L’Union Européenne a tout d’abord choisi de limiter la masse de particules émises sur un kilomètre, car il est relativement simple de mesurer la masse de particules émises par un moteur. Il suffit de récupérer les particules à la sortie du pot d’échappement sur un filtre, et d’en déterminer la masse par une pesée du filtre avant et après le dépôt des particules. Cependant, cela amène les constructeurs automobiles à fabriquer des filtres retenant surtout les grosses particules, qui font une grande partie de la masse. Il reste ainsi un grand nombre de particules fines de petite masse et donc de petite taille, comme les PM10 et les PM2,5 (particules fines de diamètre respectivement inférieur à 10 µm et 2,5 µm). Celles-ci sont cancérigènes, comme le souligne la spécialiste en pneumologie Isabella Annesi-Maesano, et c’est pourquoi la norme Euro 5 introduit une limitation sur la quantité de particules fines émises. Cette limitation a été choisie en accord avec l’étude du CIRC, et représente déjà une nette amélioration comparée aux émissions des anciens véhicules diesel (voir plus bas).

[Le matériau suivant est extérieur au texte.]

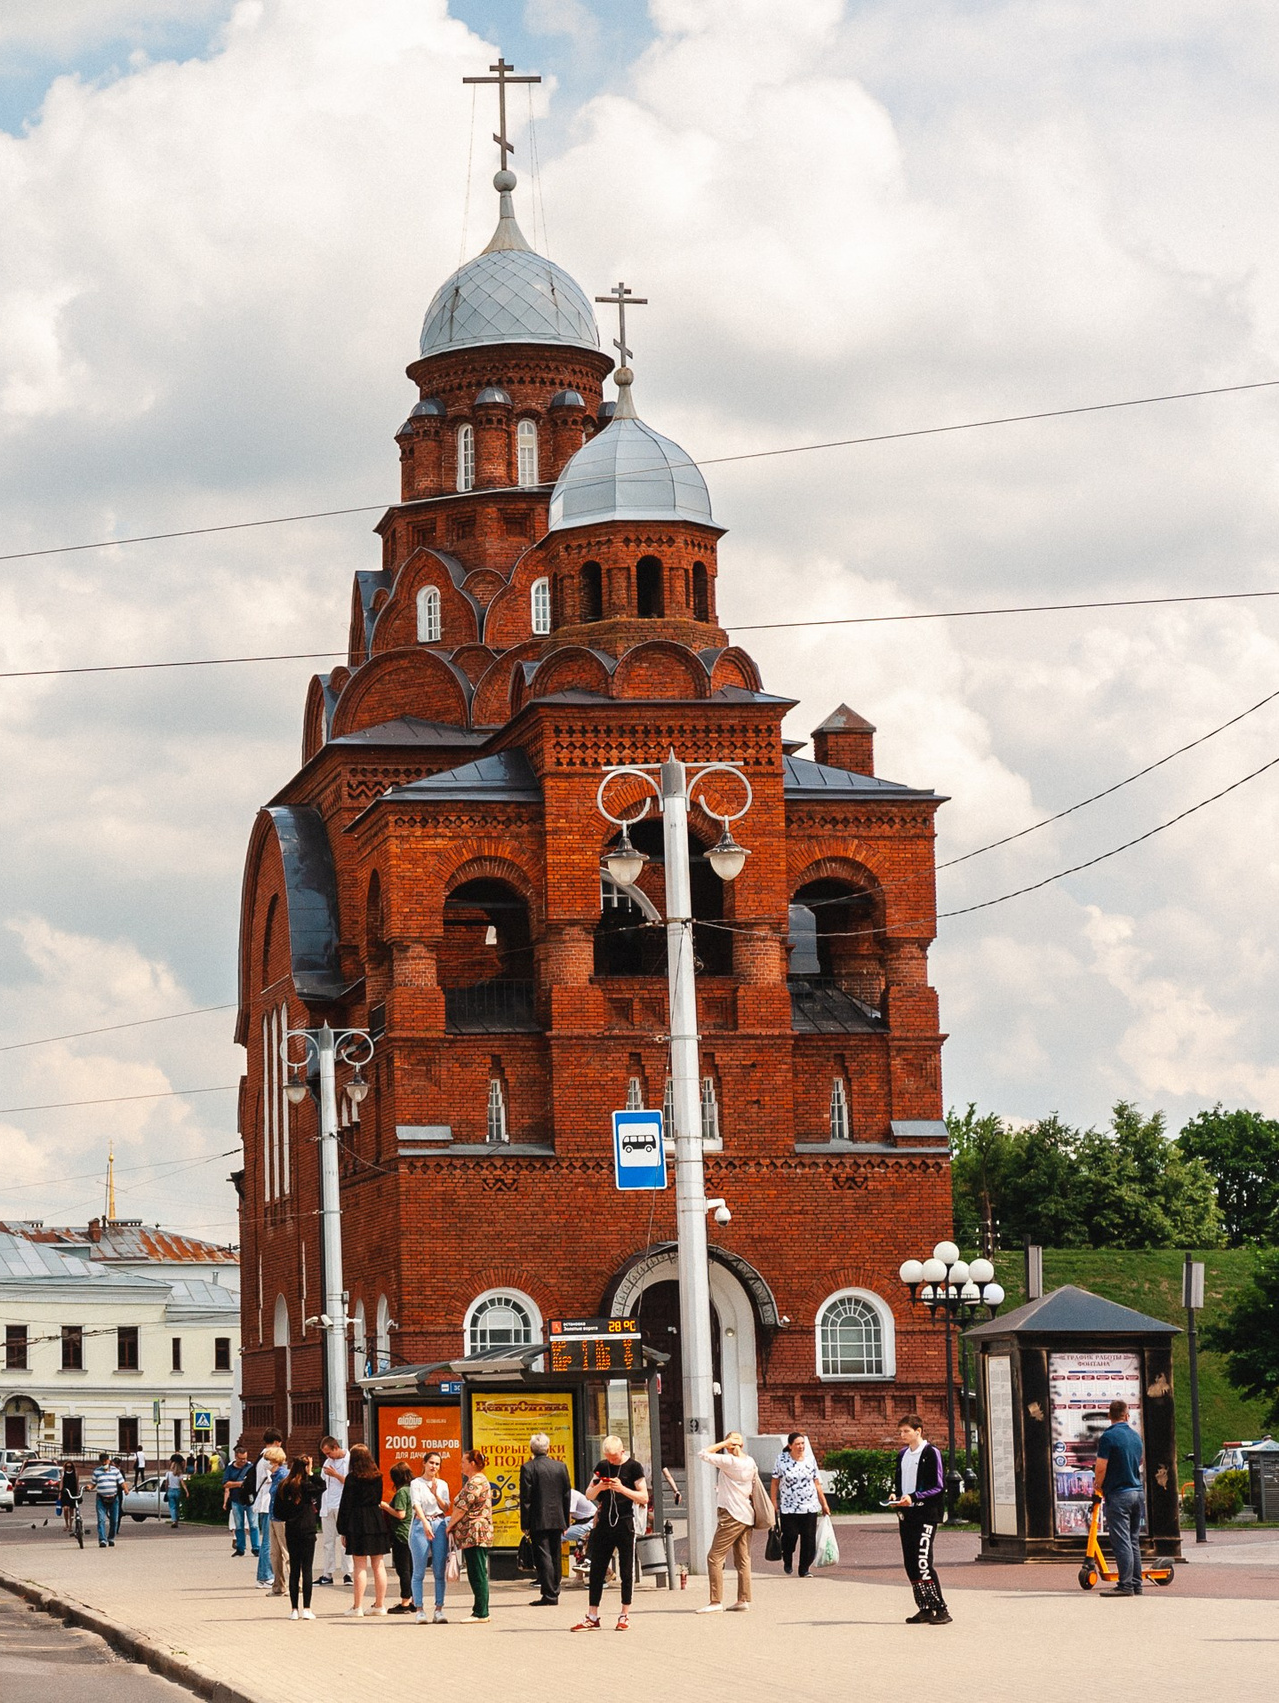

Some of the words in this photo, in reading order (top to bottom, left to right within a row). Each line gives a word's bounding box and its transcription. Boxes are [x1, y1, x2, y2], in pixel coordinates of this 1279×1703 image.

D’après Pierre Macaudière, la limite en nombre a été calquée sur les niveaux d’émission des moteurs essence.
Audrey Garric, dans l’article « Quel air sort des pots d’échappement des voitures diesel ? » du Monde du 6 mars 2013, décrit la prochaine norme européenne à entrer en vigueur :
« Ces limites doivent encore être renforcées par la norme Euro 6, qui interviendra le 1er septembre 2015, après une homologation des nouvelles voitures en 2014. Les émissions de NOx se verront ainsi plafonnées à 80 mg/km (soit une réduction supplémentaire de plus de 50 % par rapport à la norme Euro 5), tandis que les émissions combinées d’hydrocarbures et d’oxydes d’azote seront réduites, à 170 mg/km (contre 230 avec la norme Euro 5). Les particules fines, quant à elles, resteront quasiment au même niveau (4,5 mg/km). »
Les normes limitant la quantité maximum d’émission de particules fines sont débattues. Par exemple, l’association les Amis de la Terre a contesté le « Plan de protection de l’atmosphère » des Préfets de la région Île de France, de Police, et de Paris, et comptait faire modifier les quantités limites autorisées pour la région. La Cour administrative a tranché et refusé la requête de l’association. L’arrêt (numéro 12PA00633) a été publié le 11 avril 2013. Le président des Amis de la Terre en France conteste les normes d’émission locales :
« Il y a deux choses : [le Plan de protection de l’atmosphère] n’est pas correctement appliqué dans les mesures qui sont définies, et puis les mesures telles qu’elles sont définies ne permettent pas d’atteindre les résultats escomptés. »
Les normes européennes sont accompagnées de sanctions par la Commission européenne en cas de non-respect. D’après Yann Wehrling, c’est l’un des éléments qui motive une interdiction ou une taxation du diesel, et l’Etat français aurait déjà prévu de devoir payer de lourdes amendes :
« dans le budget de l’état c’est de l’ordre de 300 millions d’euros qui sont provisionnés en vue des condamnations à venir »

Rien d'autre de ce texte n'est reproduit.